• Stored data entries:
#####

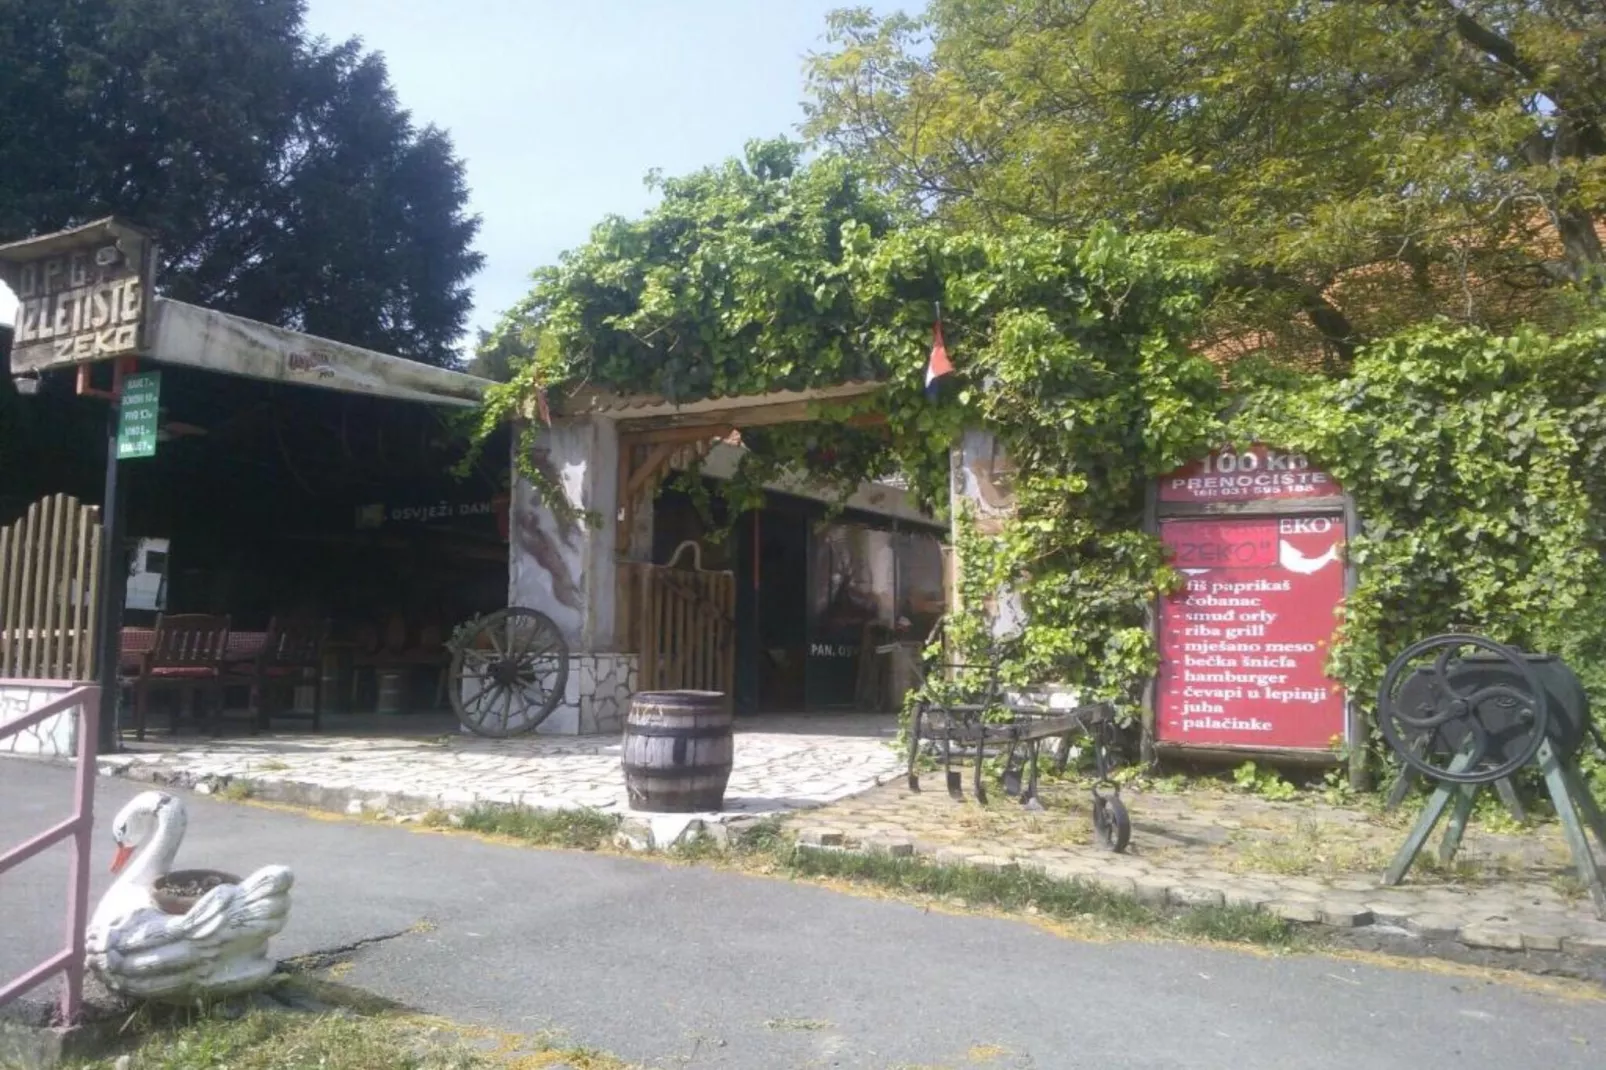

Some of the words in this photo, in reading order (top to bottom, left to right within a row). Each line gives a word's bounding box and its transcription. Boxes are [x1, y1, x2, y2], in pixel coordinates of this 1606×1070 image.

[53, 323, 138, 361] ZEKO
[1201, 451, 1258, 474] 100
[1212, 579, 1291, 594] paprikaš
[1186, 594, 1262, 606] čobanac
[1239, 610, 1278, 624] orly
[1184, 624, 1221, 636] riba
[1225, 624, 1265, 639] grill
[1184, 639, 1261, 654] mješano
[1265, 642, 1315, 652] meso
[1184, 655, 1238, 667] bečka
[1184, 669, 1288, 686] hamburger
[1183, 685, 1242, 701] čevapi
[1248, 690, 1260, 699] u
[1265, 686, 1327, 703] lepinji
[1181, 700, 1224, 715] juha
[1183, 716, 1273, 731] palačinke
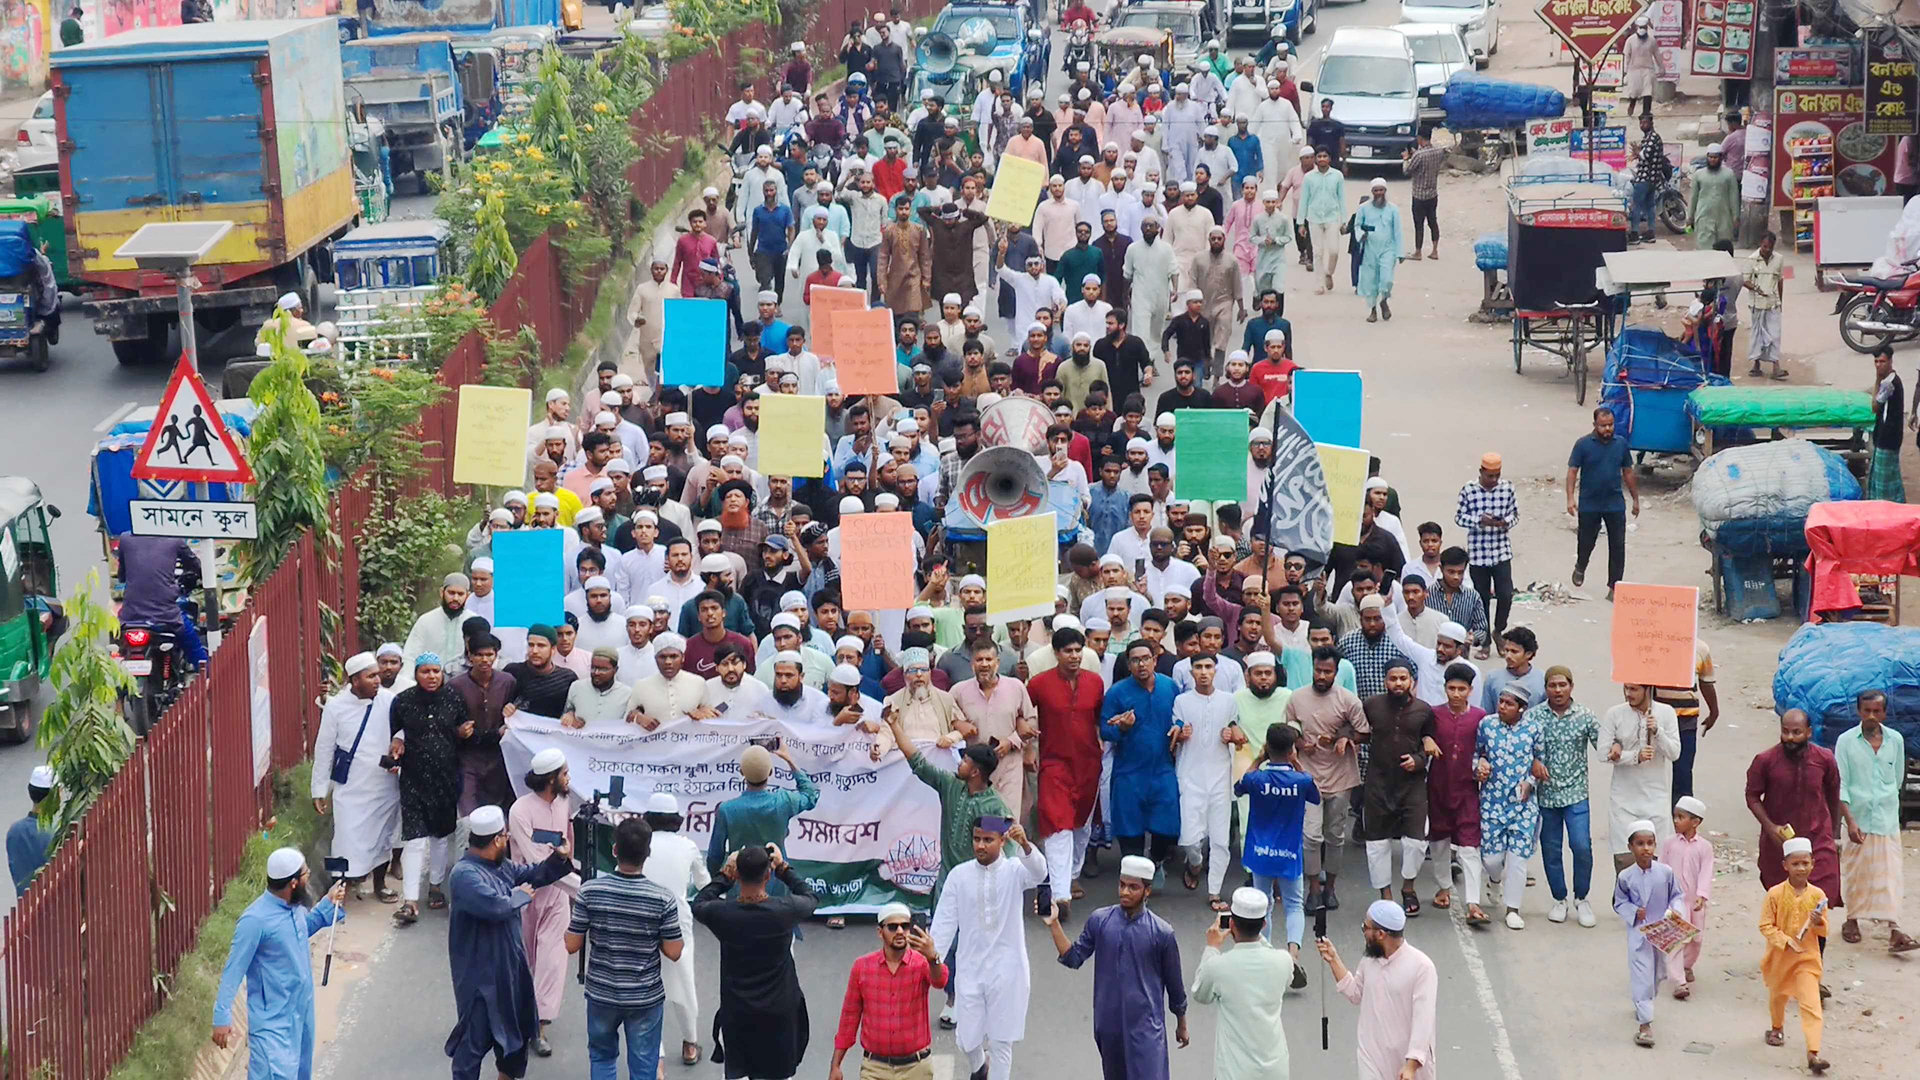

#####

• Exercise prompt: Give every line of the records above again, exactly, and omit the pictures.

• Your response:
Some of the words in this photo, in reading order (top to bottom, left to right within a row). Each line gives a word's bounding box and its transcription. Boxes are [x1, y1, x2, y2], in pixel coordinates of this 1606×1070 image.

[53, 323, 138, 361] ZEKO
[1201, 451, 1258, 474] 100
[1212, 579, 1291, 594] paprikaš
[1186, 594, 1262, 606] čobanac
[1239, 610, 1278, 624] orly
[1184, 624, 1221, 636] riba
[1225, 624, 1265, 639] grill
[1184, 639, 1261, 654] mješano
[1265, 642, 1315, 652] meso
[1184, 655, 1238, 667] bečka
[1184, 669, 1288, 686] hamburger
[1183, 685, 1242, 701] čevapi
[1248, 690, 1260, 699] u
[1265, 686, 1327, 703] lepinji
[1181, 700, 1224, 715] juha
[1183, 716, 1273, 731] palačinke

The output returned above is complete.